1.2.7 LAMP-ICTS靈敏度及特異性分析 將步驟1.2.1制備的不同鴨肉摻入比例的肉樣品提取基因組DNA后,使用LAMP擴增技術進行擴增,并同時使用瓊脂糖凝膠電泳[22]和試紙條進行檢測,對試紙條和瓊脂糖凝膠電泳的靈敏度進行比較分析。陰性對照組采用同等體積的蒸餾水代替基因組DNA進行LAMP擴增反應,反應后同樣使用試紙條進行檢測。分別以魚肉、雞肉等10種肉樣品的基因組DNA為模板進行LAMP擴增,使用試紙條進行檢測,檢驗LAMP-ICTS方法的特異性。

1.2.8 LAMP-ICTS檢測實際樣品 從唐山市各大型超市、農貿市場、飯店和淘寶網購買經加工和未經加工的肉制品20份,分別提取其基因組DNA后,進行LAMP擴增反應,并使用試紙條進行檢測,同時使用行業標準中鴨成分檢測PCR法[23]對LAMP-ICTS的檢測結果進行驗證,以確定LAMP-ICTS方法的準確性。

2 結果與分析

2.1 LAMP擴增反應溫度的優化

將配制好的LAMP體系分別放置在61、63、65、67、69 ℃的溫度下反應30 min,使用試紙條對擴增產物進行檢測,結果如圖2所示。擴增反應溫度為65 ℃時,試紙條的紅色條帶最明顯,因此LAMP擴增反應最優的溫度為65 ℃。
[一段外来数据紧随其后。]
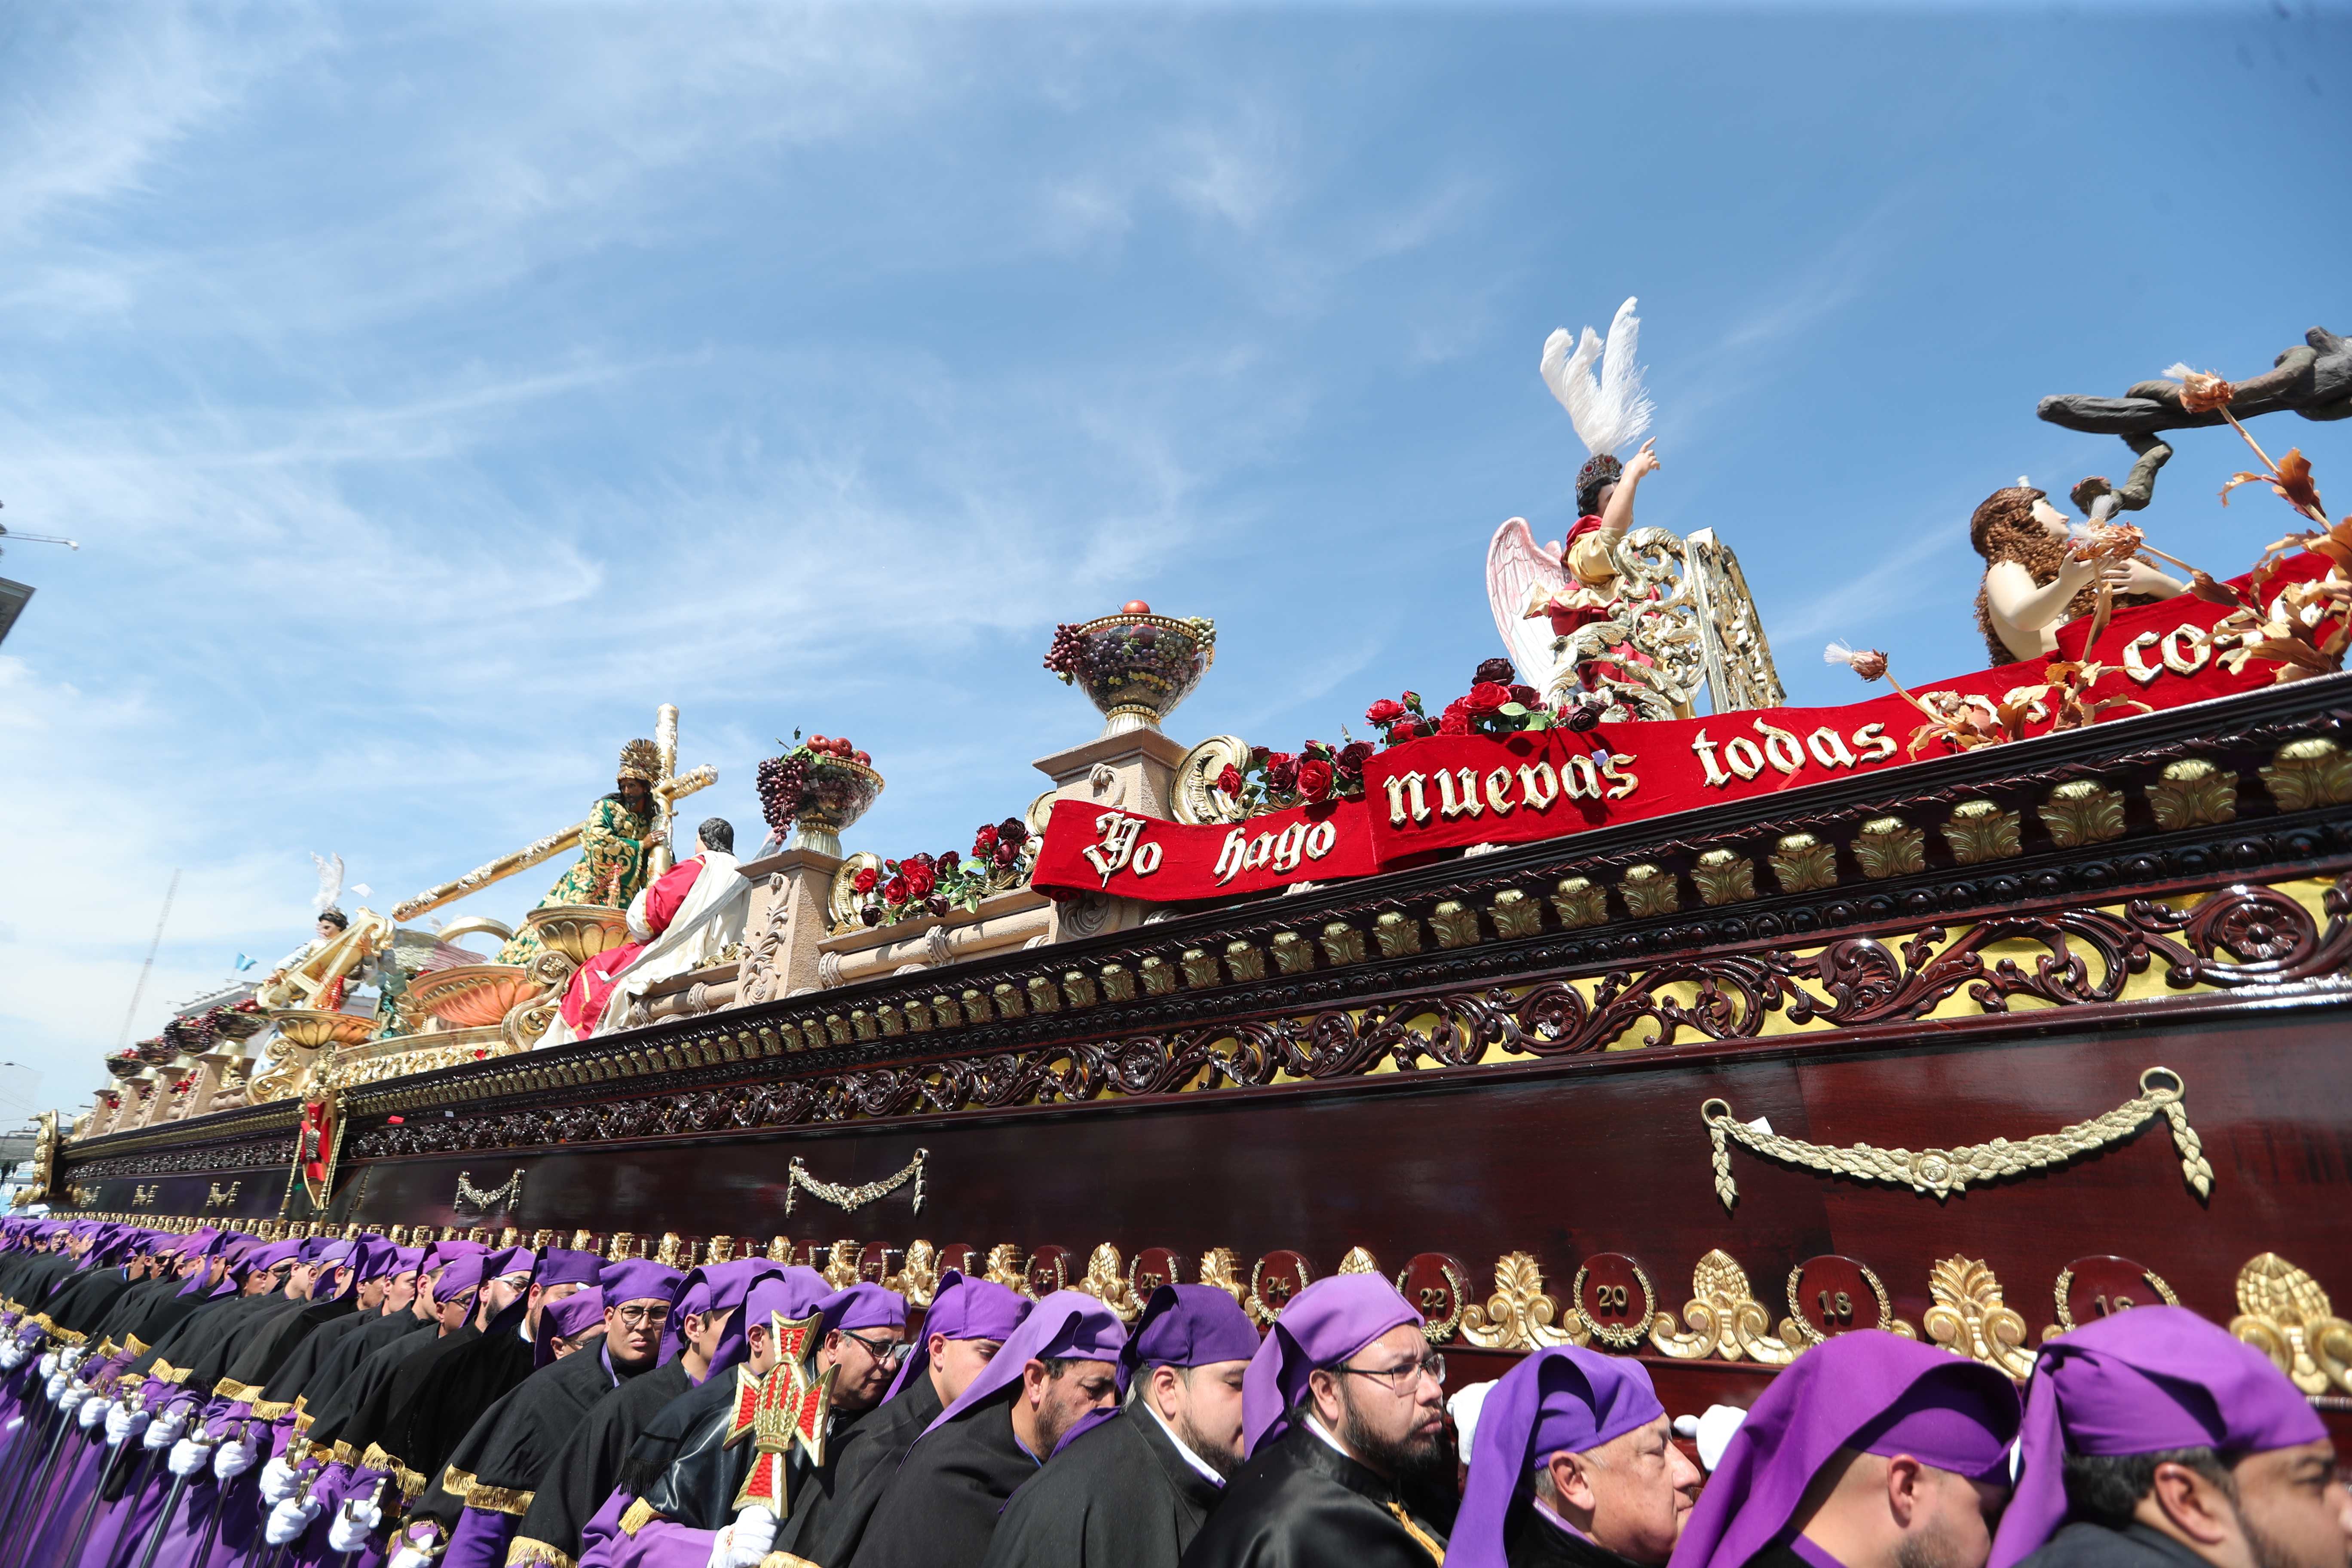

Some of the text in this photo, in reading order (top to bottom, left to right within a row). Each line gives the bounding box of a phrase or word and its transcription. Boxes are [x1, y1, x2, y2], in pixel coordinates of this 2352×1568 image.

[1082, 811, 1164, 888] Yo
[1213, 820, 1337, 887] hago
[1383, 753, 1638, 825] nuevas
[1691, 717, 1898, 787] todas
[1266, 1276, 1291, 1296] 24
[1597, 1285, 1629, 1307] 20
[1420, 1287, 1447, 1308] 22
[1818, 1290, 1853, 1317] 18
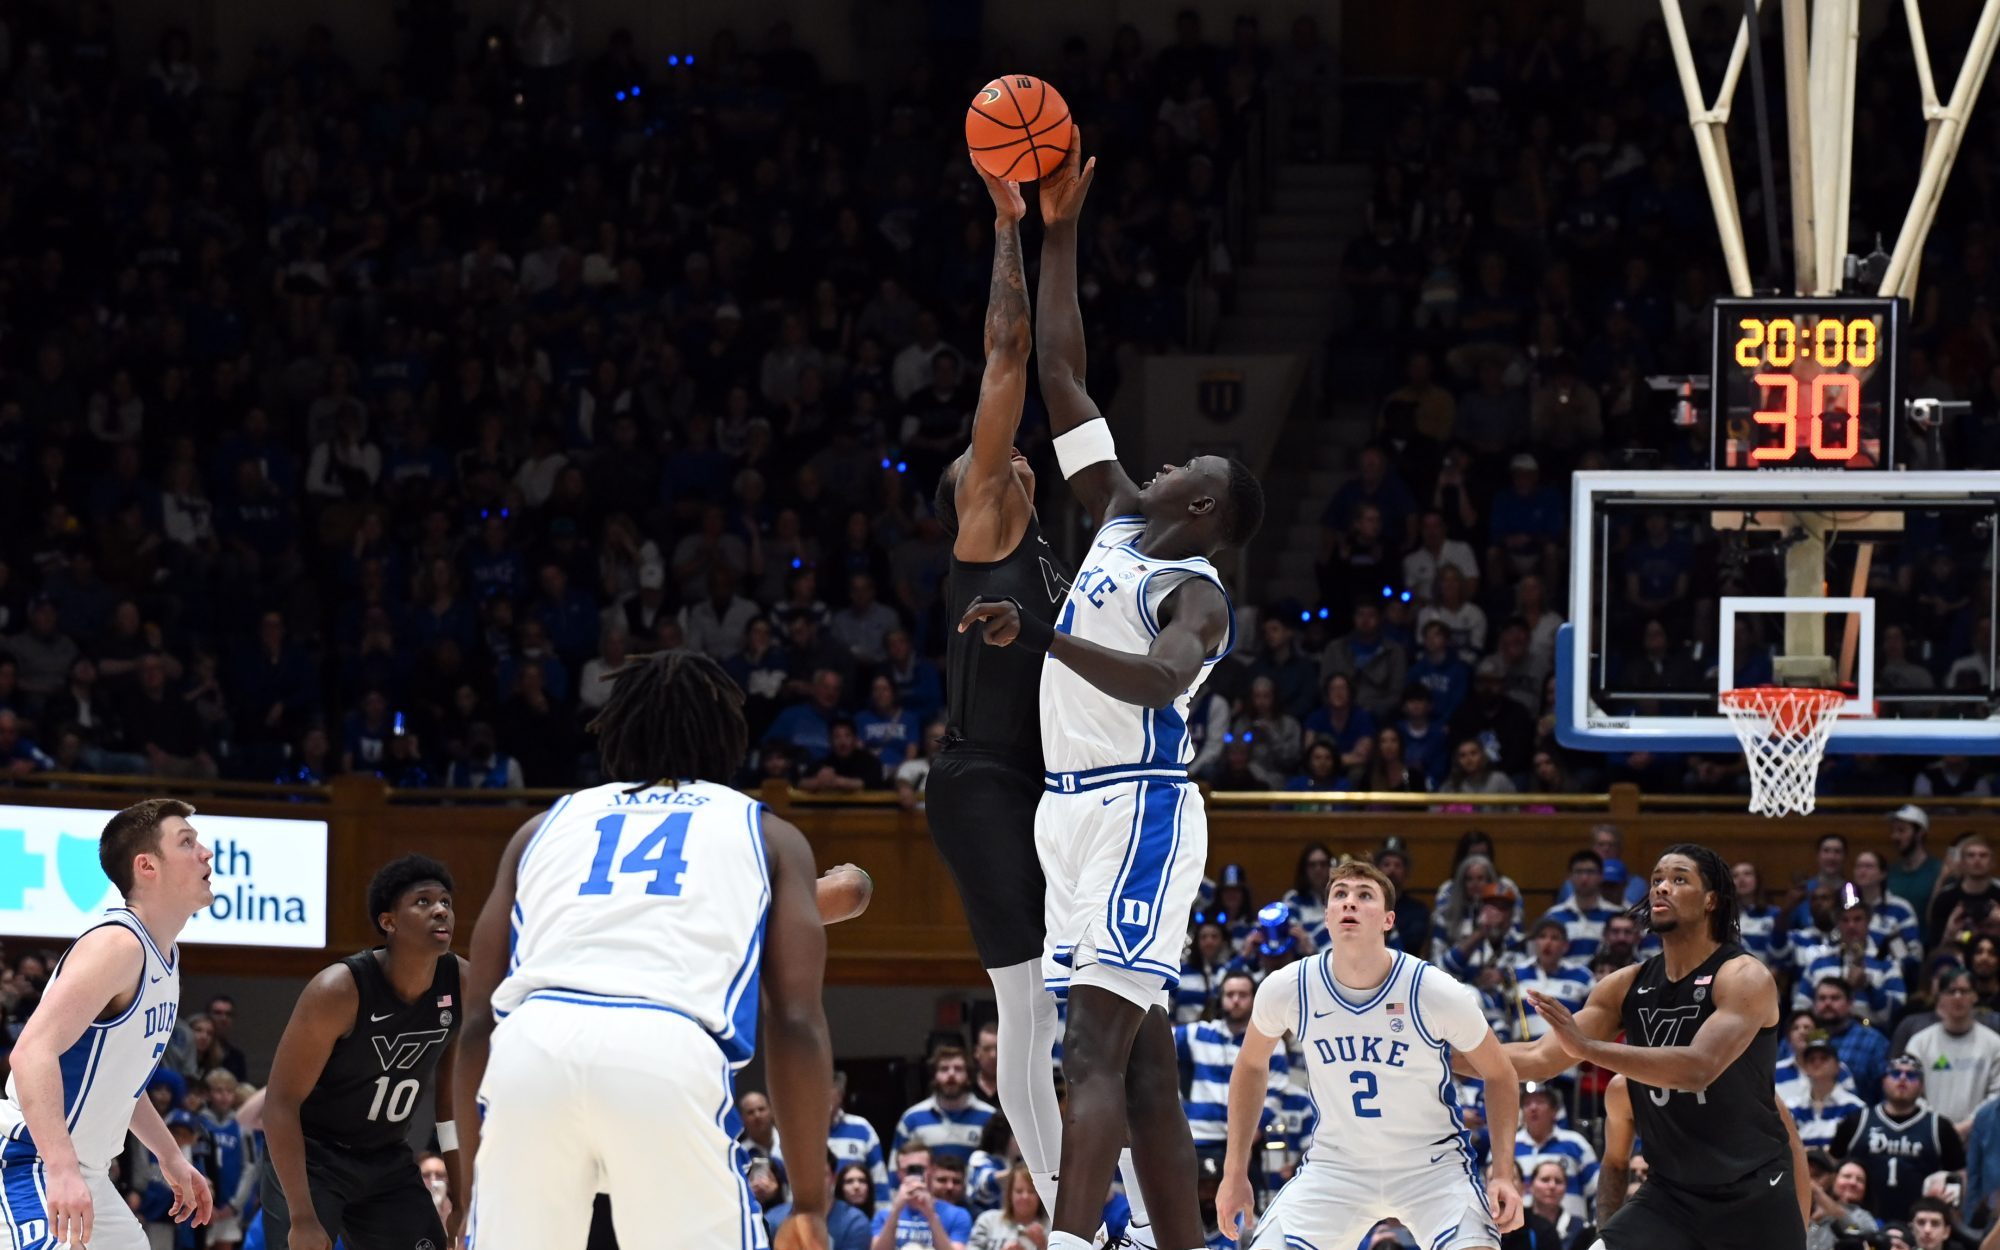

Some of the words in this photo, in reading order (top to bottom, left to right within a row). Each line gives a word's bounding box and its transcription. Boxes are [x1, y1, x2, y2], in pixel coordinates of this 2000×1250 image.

圖2 LAMP擴增反應溫度優化Fig.2 Optimization the amplification temperature of LAMP注:C:質控線;T:檢測線;圖3～圖5同。

2.2 試紙條工作條件的優化

對試紙條NC膜的流速和上樣緩沖液的種類優化的結果如圖3所示,上樣緩沖液對鏈霉親和素和生物素結合影響較大,即主要影響檢測線的顯色情況。當上樣緩沖液為PBS(pH=7.4),NC膜型號為HF135 s時,試紙條顯色較好。

圖3 優化上樣緩沖液(A)和NC膜孔徑(B)Fig.3 Optimization of running buffer(A) and the flow rate of NC membrane(B)注:RB1:PBS(pH=7.4);RB2:PB(pH=7.4);RB3:PBS(pH=5.6);RB4:PBS(pH=8.5)。

2.3 LAMP-ICTS檢測鴨源成分的靈敏度

在最優的LAMP擴增反應溫度及最優的試紙條工作條件下,LAMP-ICTS的檢測靈敏度如圖4A所示,LAMP-ICTS可檢測到0.01%的鴨源性成分,隨著鴨源性成分含量的增加,試紙條檢測線顏色的深度呈增加的趨勢。使用瓊脂糖凝膠電泳(agarose gel eletrophoresis,AGE)對LAMP擴增產物進行檢測,檢測結果如圖4B所示,LAMP-AGE可檢測0.1%的鴨源性成分。LAMP-ICTS與LAMP-AGE相比,檢測的靈敏度提高了10倍。Zhao等[11]建立的PCR-ICTS方法檢測火雞成分,最低檢測限為0.1%,檢測靈敏度較低且需要PCR儀。李向麗等[24]建立LAMP-SYBRGreen I方法檢測羊肉中的豬源、鴨源和羊源性成分,檢測限為0.5%。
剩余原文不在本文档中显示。